Feni Rosewidyadhari (born November 1, 1973) is an Indonesian TV presenter and entrepreneur. She is notable for her performance of "Ibu Dewi" in a "Sabun Surf" advertisement, and as a presenter in the "Silet" infotainment program on RCTI and Formula One in RCTI, TPI, and GlobalTV.

Profile
Feni Rose is an alumnus of the Universitas Indonesia, majoring in Anthropology.

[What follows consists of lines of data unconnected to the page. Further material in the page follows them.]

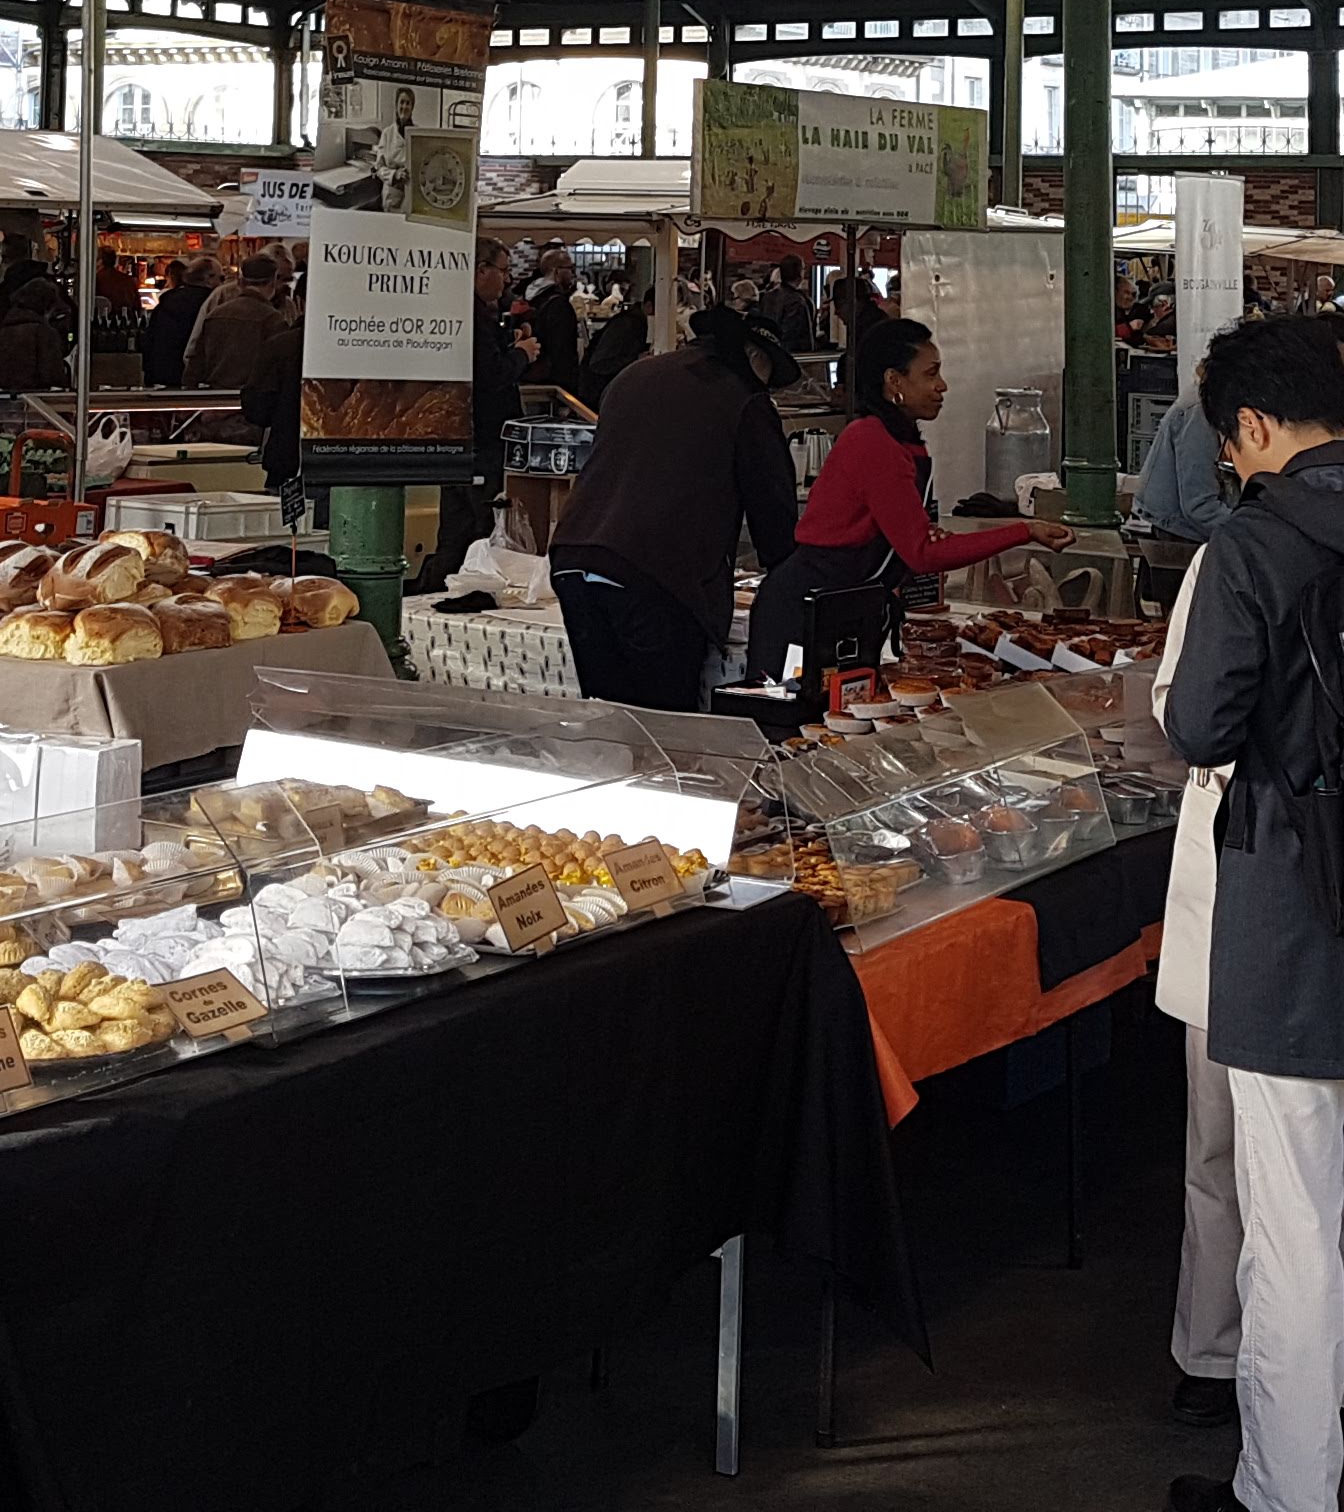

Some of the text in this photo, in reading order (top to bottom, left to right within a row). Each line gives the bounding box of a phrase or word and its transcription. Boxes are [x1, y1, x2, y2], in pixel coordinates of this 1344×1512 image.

[869, 107, 934, 130] LA FERME
[801, 125, 821, 146] LA
[878, 132, 899, 152] DU
[907, 134, 934, 155] VAL
[260, 181, 310, 199] JUS DE
[323, 243, 471, 271] KOUIGN AMANN
[368, 269, 430, 295] PRIMÉ
[327, 315, 464, 336] Trophée d'OR 2017
[337, 338, 349, 347] au
[351, 338, 391, 348] concours
[392, 339, 404, 349] de
[497, 879, 545, 911] Amandes
[629, 875, 666, 893] Citron
[515, 909, 544, 930] Noix
[169, 982, 228, 1003] Cornes
[186, 999, 248, 1024] Gazelle
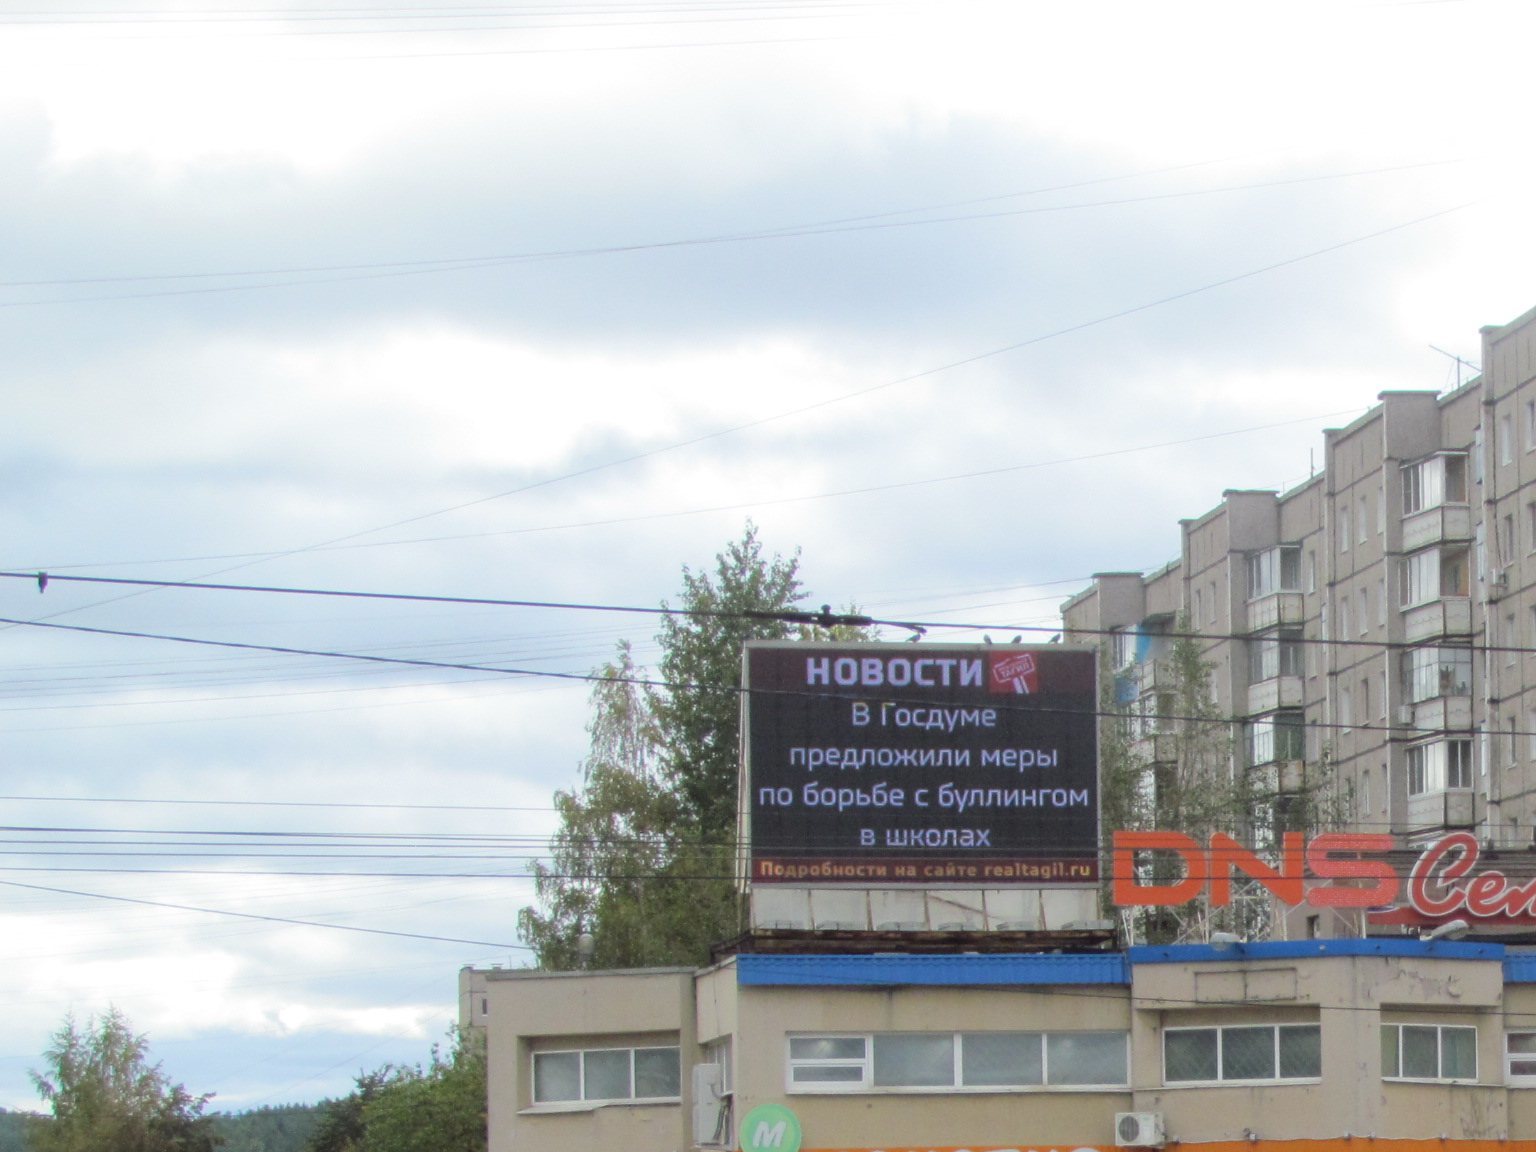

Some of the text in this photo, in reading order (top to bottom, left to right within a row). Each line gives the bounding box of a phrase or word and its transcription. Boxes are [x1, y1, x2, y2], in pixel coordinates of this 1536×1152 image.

[805, 657, 984, 687] НОВОСТИ
[852, 702, 997, 731] В Госдуме
[789, 748, 1058, 773] предложили меры
[759, 781, 1089, 812] по борьбе с буллингом
[860, 828, 991, 847] в школах
[760, 860, 1092, 881] Подробности на сайте realtagil.ru
[1113, 831, 1400, 907] DNS
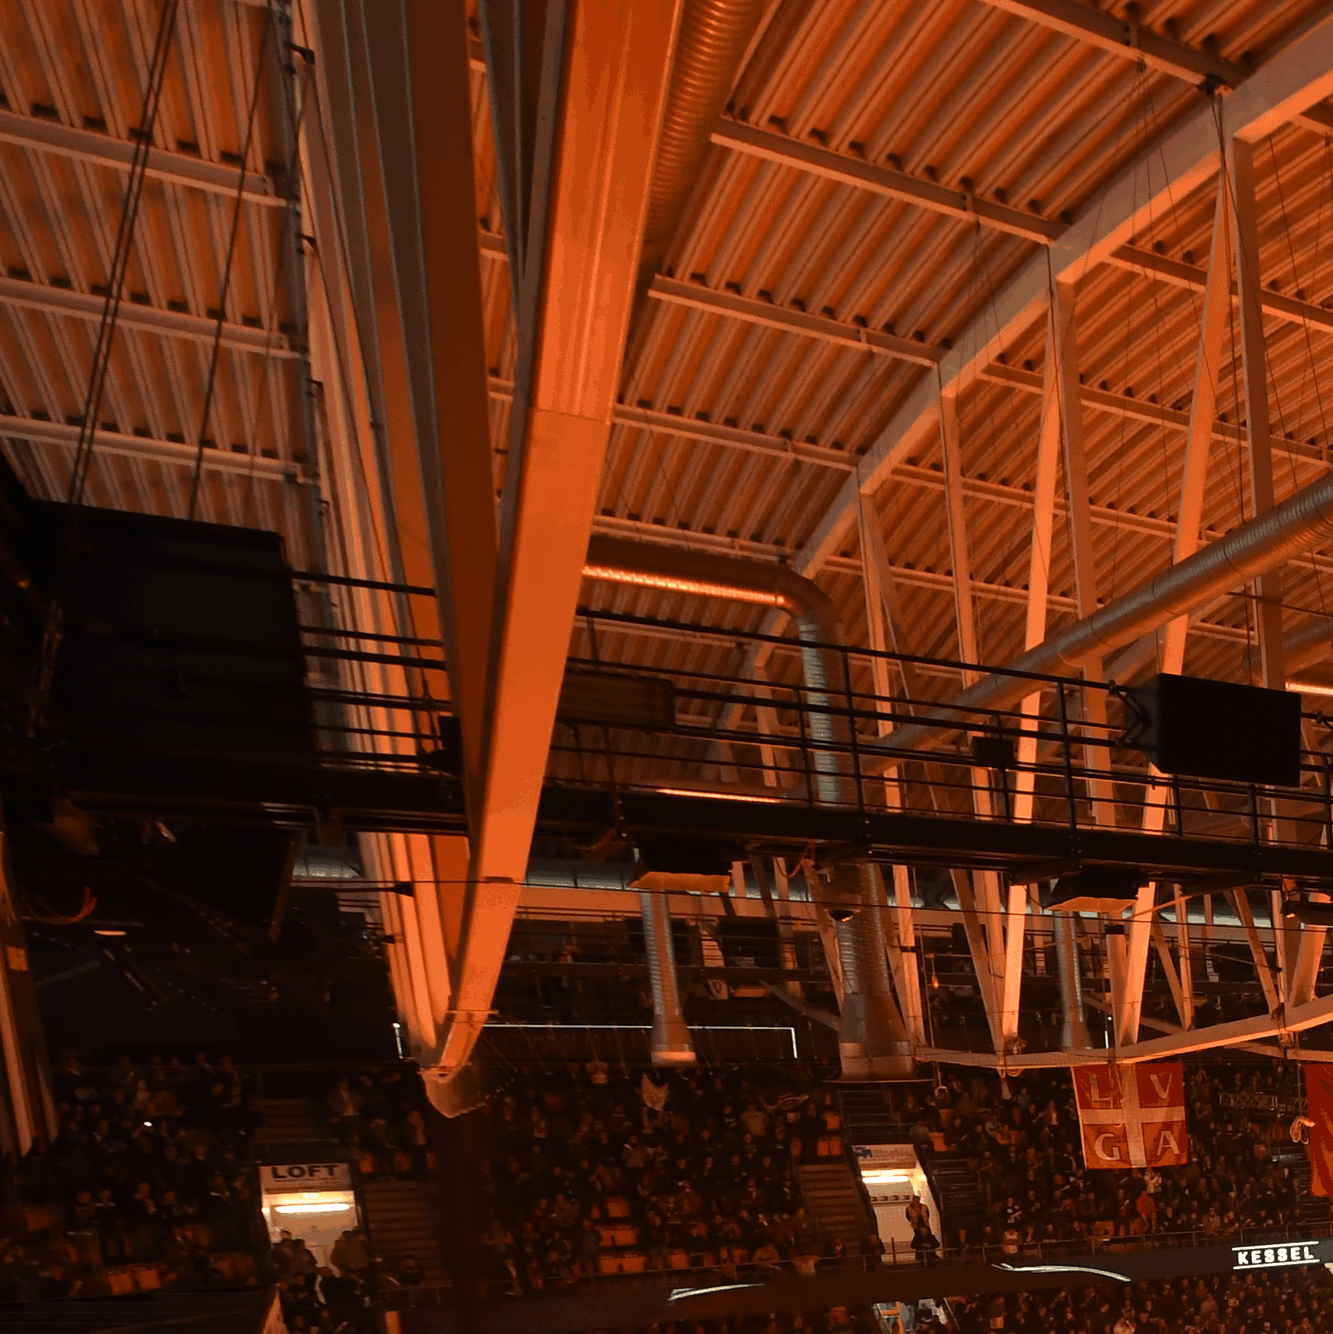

She began her television career in 1999 when she became a quiz presenter in the Formula One live show on RCTI.

In 2002, she (with F1 live) moved to TPI. She became a Qualifying Session presenter of this show, and for the  and  seasons, she was hosting the Formula One show in TPI. She also presents the soccer program "Liga Italia Serie-A" on TPI.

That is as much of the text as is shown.